• YOUR TASK
Images are to be left out when the records below are printed word for word.

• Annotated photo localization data

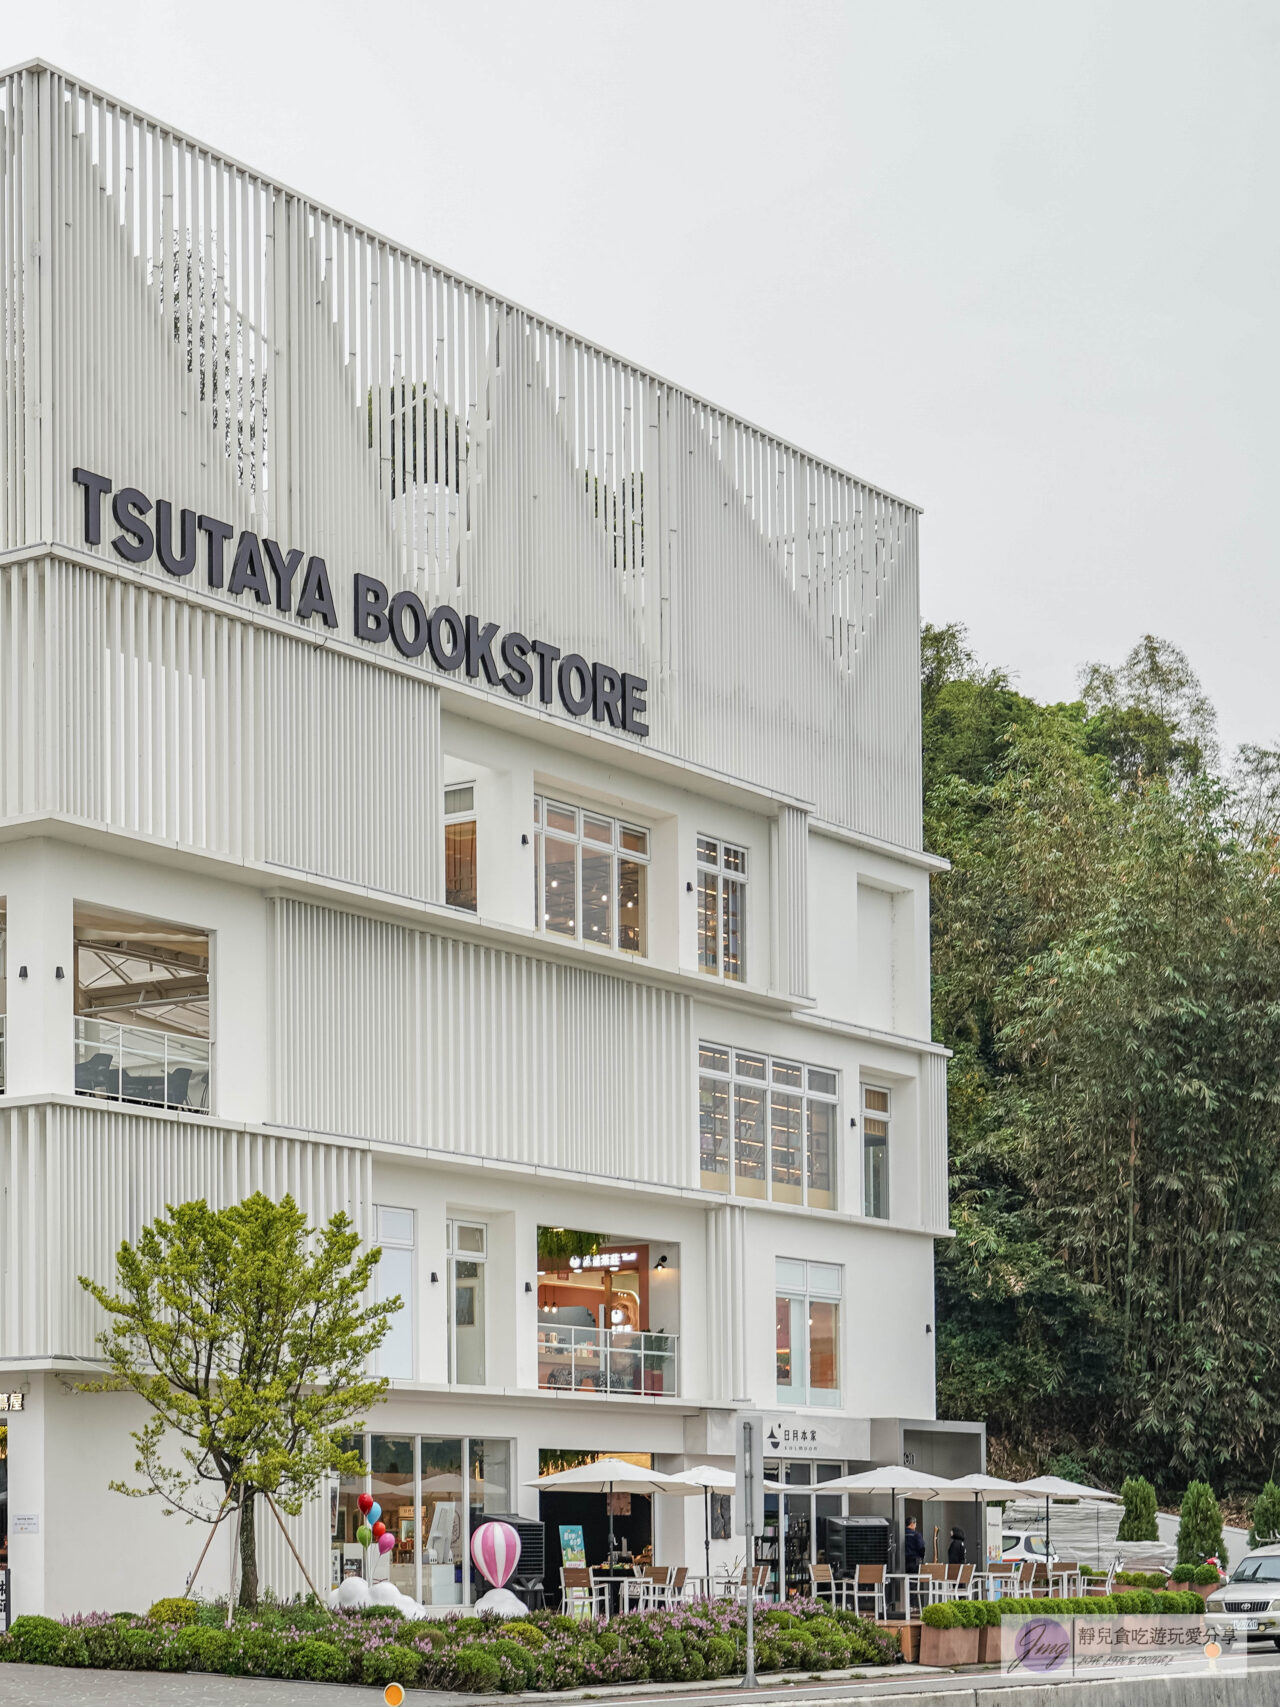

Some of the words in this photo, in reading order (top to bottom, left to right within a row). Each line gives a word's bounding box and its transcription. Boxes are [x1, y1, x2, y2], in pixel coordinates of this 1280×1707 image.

[73, 467, 338, 629] TSUTAYA
[354, 572, 649, 737] BOOKSTORE
[784, 1429, 817, 1441] 日月本家
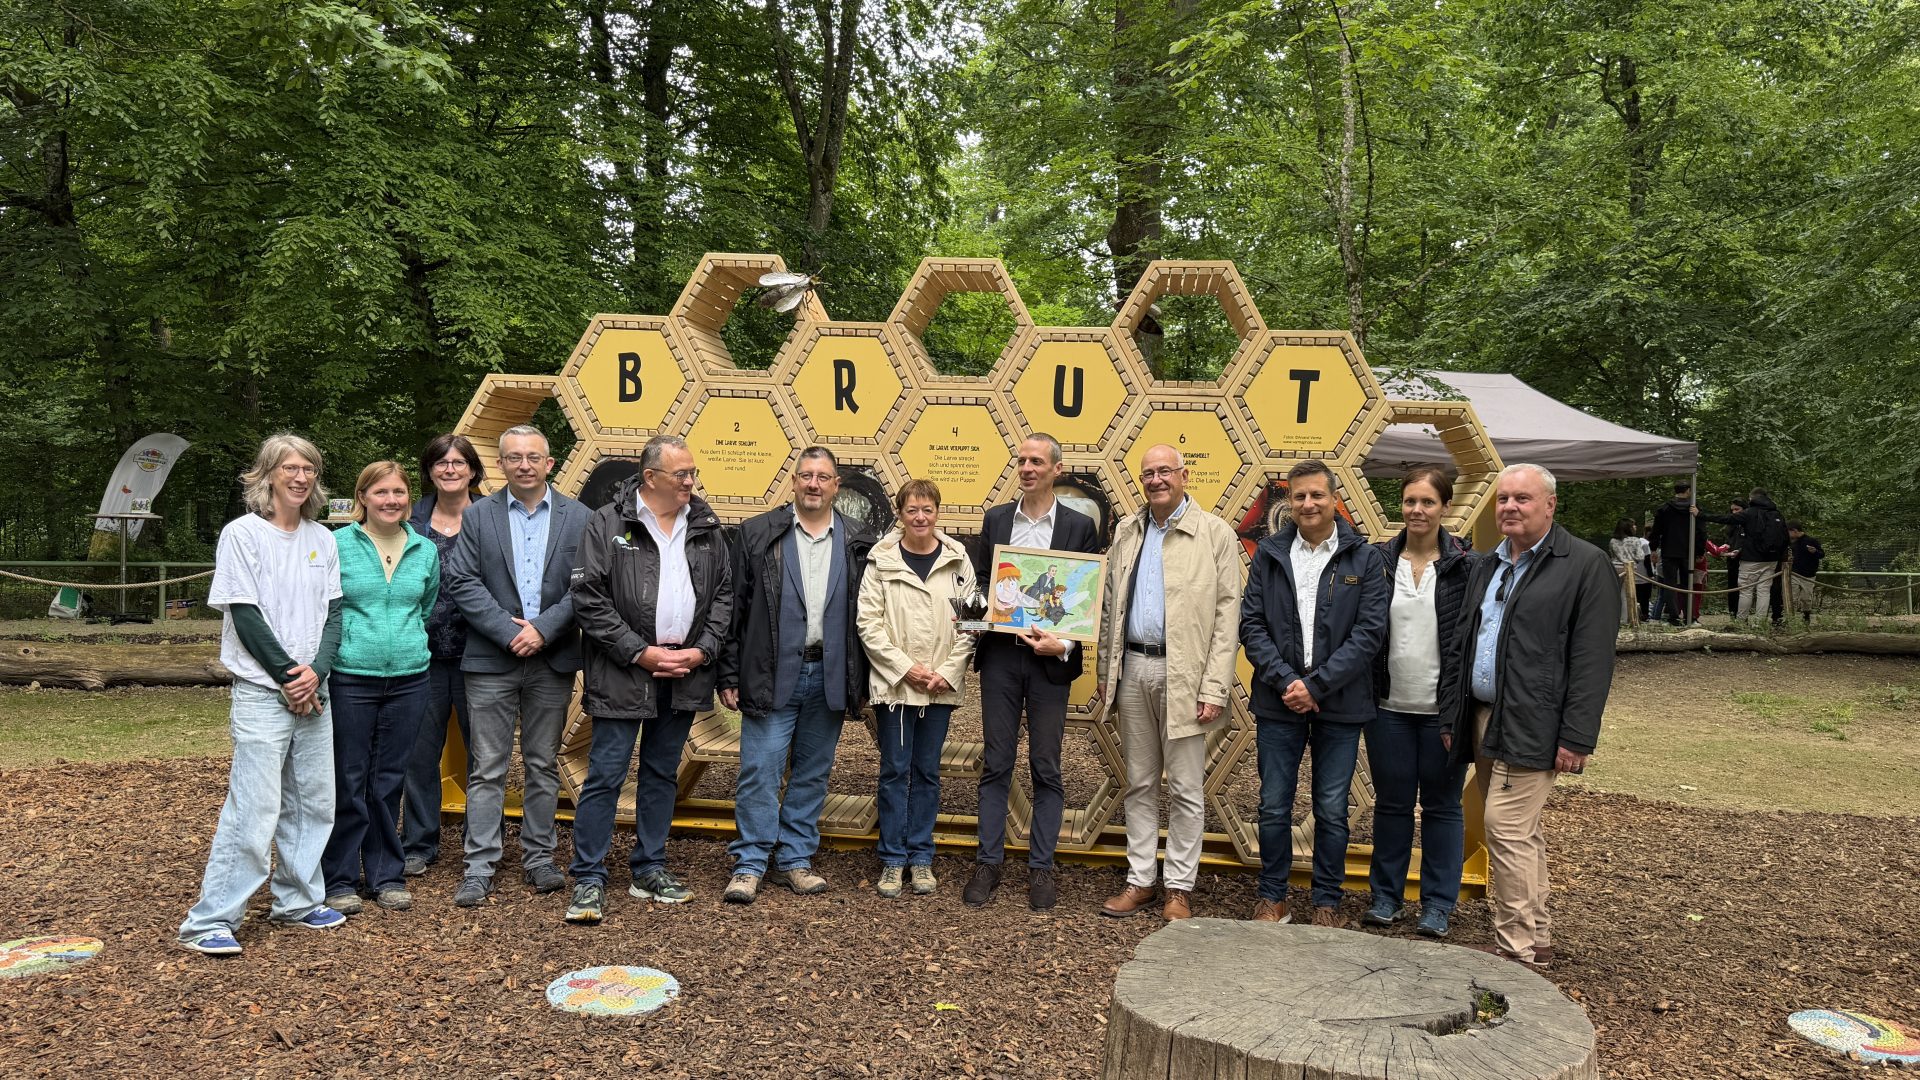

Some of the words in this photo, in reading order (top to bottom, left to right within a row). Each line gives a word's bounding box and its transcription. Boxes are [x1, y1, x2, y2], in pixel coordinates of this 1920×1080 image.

[618, 352, 642, 402] B
[833, 360, 859, 414] R
[1054, 365, 1083, 417] U
[1290, 370, 1320, 423] T
[734, 422, 740, 432] 2
[952, 426, 958, 437] 4
[1179, 434, 1186, 443] 6

• EXERCISE SOLUTION
Some of the words in this photo, in reading order (top to bottom, left to right within a row). Each line gives a word's bounding box and its transcription. Boxes are [x1, y1, x2, y2], in pixel coordinates of this 1280×1707 image.

[73, 467, 338, 629] TSUTAYA
[354, 572, 649, 737] BOOKSTORE
[784, 1429, 817, 1441] 日月本家

Some of the words in this photo, in reading order (top to bottom, left to right within a row). Each line gives a word's bounding box and its transcription. Boxes are [x1, y1, x2, y2], in pixel coordinates of this 1920×1080 image.

[618, 352, 642, 402] B
[833, 360, 859, 414] R
[1054, 365, 1083, 417] U
[1290, 370, 1320, 423] T
[734, 422, 740, 432] 2
[952, 426, 958, 437] 4
[1179, 434, 1186, 443] 6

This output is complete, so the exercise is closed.